I saw an interesting picture online the other day of a plastic spoon. The caption read (in substance), "When did we become a society where harvesting oil, refining it, creating plastic out of it, molding it into the proper shape, packaging it, and trucking it to stores around the world, became more convenient than washing a metal spoon in the sink?" My guess is sometime between the inventions of the first electric toothbrush and the latest, which plays music while you brush.
Television, too, has become a taskmaster. I would love to have someone do a survey on working adults with TIVO in their homes. The cycle of working to earn money, so they can pay for their TIVO, which they use to watch their favorite shows, that they can't watch because they're working during those hours to pay for the TIVO which they use to tape their shows…. And on, and on and on.

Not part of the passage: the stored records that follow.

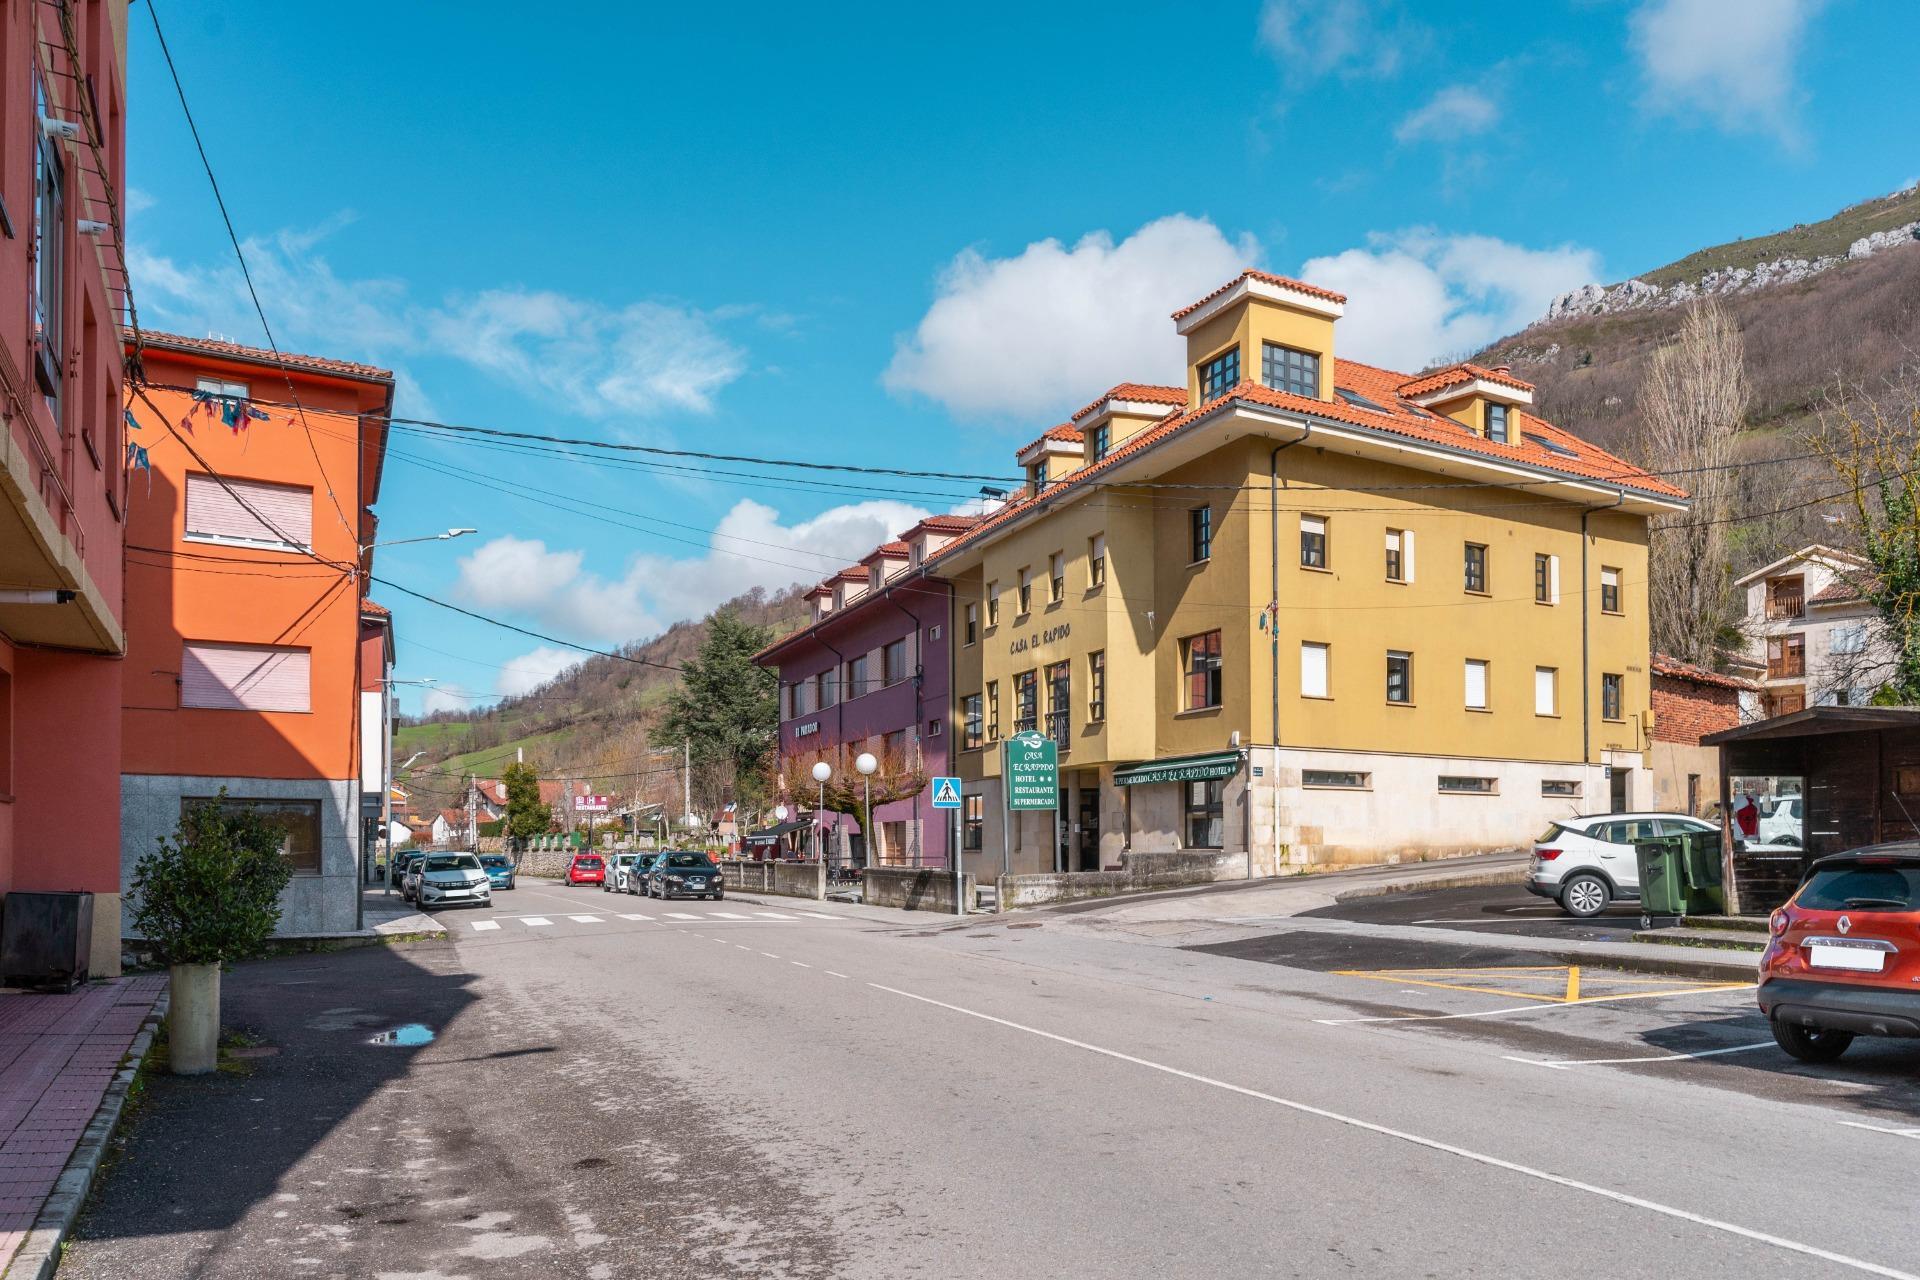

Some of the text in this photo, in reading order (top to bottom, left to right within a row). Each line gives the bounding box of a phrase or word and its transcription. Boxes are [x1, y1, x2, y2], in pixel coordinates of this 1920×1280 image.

[1010, 622, 1071, 655] CASA EL RAPIDO
[1024, 751, 1043, 761] CASA
[1012, 763, 1054, 772] EL RAPIDO
[1148, 771, 1167, 782] CASA
[1169, 770, 1178, 781] EL
[1179, 766, 1209, 780] RAPIDO
[1210, 766, 1227, 776] HOTEL
[1015, 775, 1037, 783] HOTEL
[1014, 786, 1054, 794] RESTAURANTE
[1014, 798, 1055, 806] SUPERMERCADO
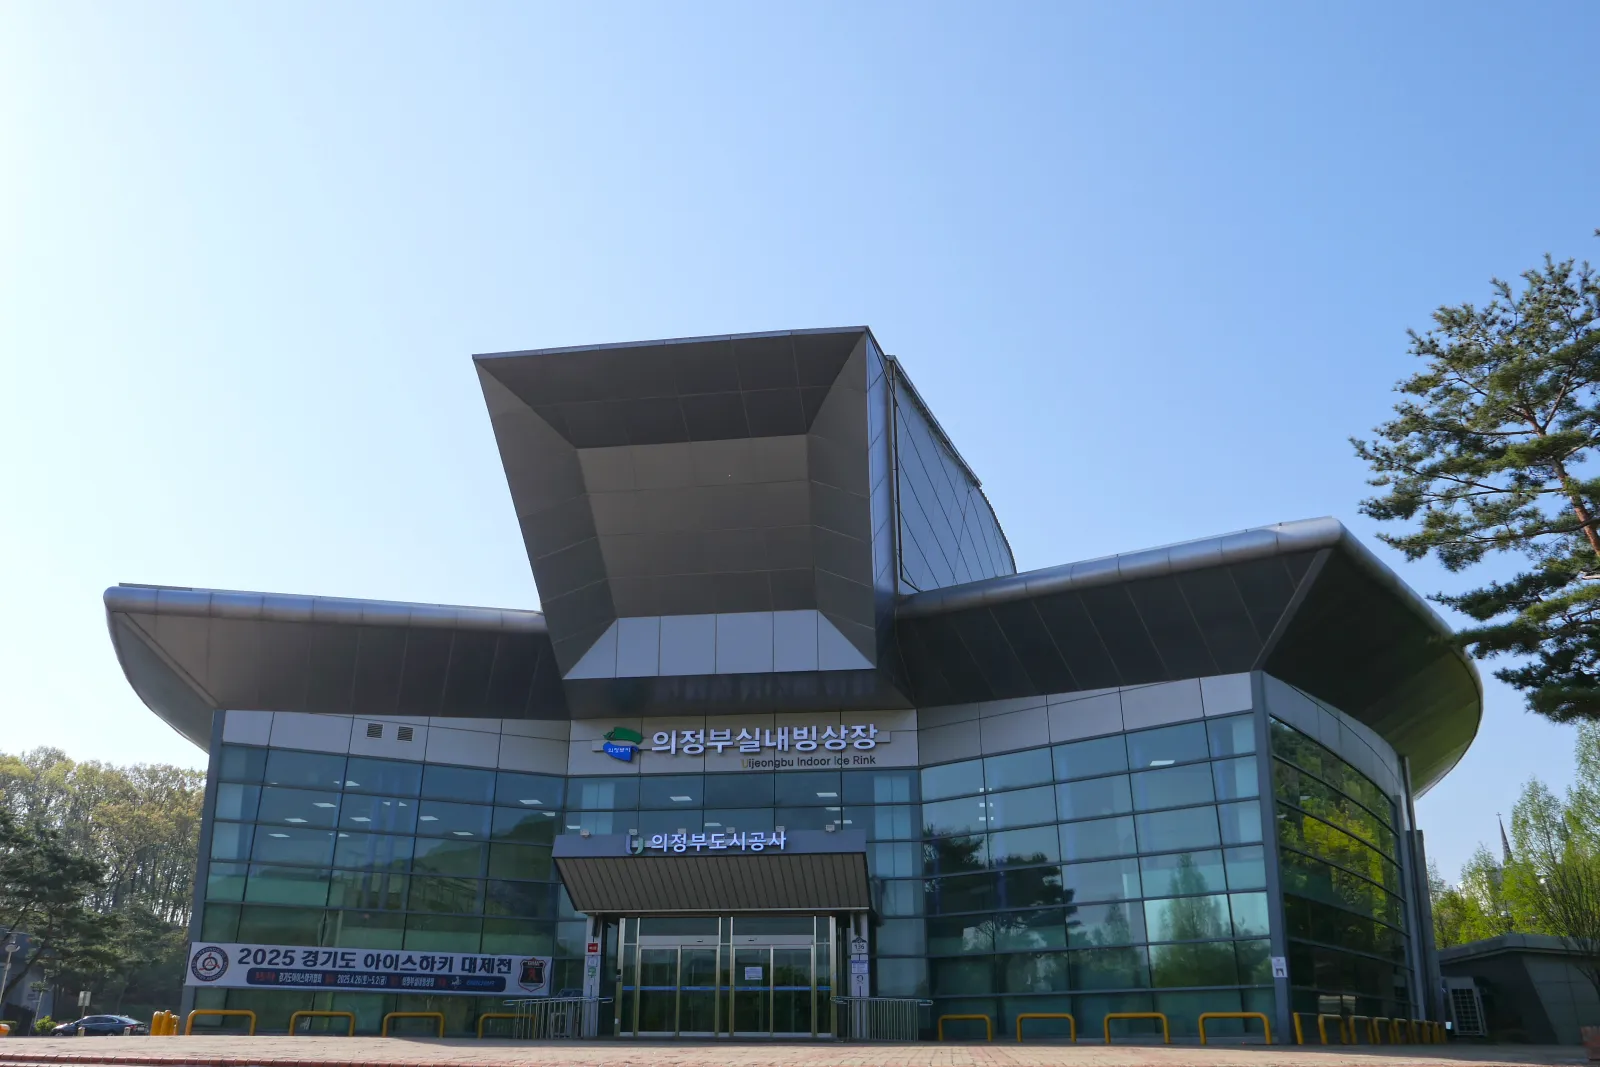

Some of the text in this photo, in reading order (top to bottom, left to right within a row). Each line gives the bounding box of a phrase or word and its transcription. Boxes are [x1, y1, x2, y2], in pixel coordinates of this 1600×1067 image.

[652, 723, 878, 755] 의정부실내빙상장
[741, 755, 876, 770] Uijeongbu Indoor Ice Rink
[651, 831, 787, 853] 의정부도시공사
[237, 947, 296, 967] 2025
[301, 949, 358, 969] 경기도
[363, 952, 455, 973] 아이스하키
[460, 955, 513, 975] 대제전

The typewriter has become extinct due to the difficulty in changing paper and correcting mistakes. In my house growing we replaced the typewriter with our first word processor. It had a digital display, about the size of an old calculator's. You would type in your sentence, change what needed to be changed, hit the enter button and in one quick pass the type-ball would smack into the paper perfectly. But, changing the paper was still a difficulty, as was the scrolling from left to right to read the little display; so we upgraded to an IBM, the "big blue." I remember being in elementary school when our library got their first computers a long row of large, cream-colored boxes against the wall. "You have died of dysentery" would be the words that ended my lunch hour on most days. (I still love seeing those shirts around reminding me of my lunchtimes of uneaten food in my quest to reach the end of that Oregon Trail game.) Even these fancy computers were seen as too slow and feature-limited soon. Now we have five Megabyte download speeds, terabytes of hard drive space, video processors that can render 3D environments that at times look more like real life than real life does. Soon Wal-Mart will stop selling books and start selling subscription minutes for online libraries and virtual media viewers. Gone are the days of walking to the local library, getting the back of your favorite book stamped for the twentieth time and walking home to read under the tree in your front yard. The convenience of technology has stomped that eye-blurring, tan-burning, heart strengthening activity out of its horrible little existence. Now we can relax, secure in the knowledge that somewhere in Japan there is a toilet that has a computer strapped to it. Thank goodness! How was I ever going to be able to check my email?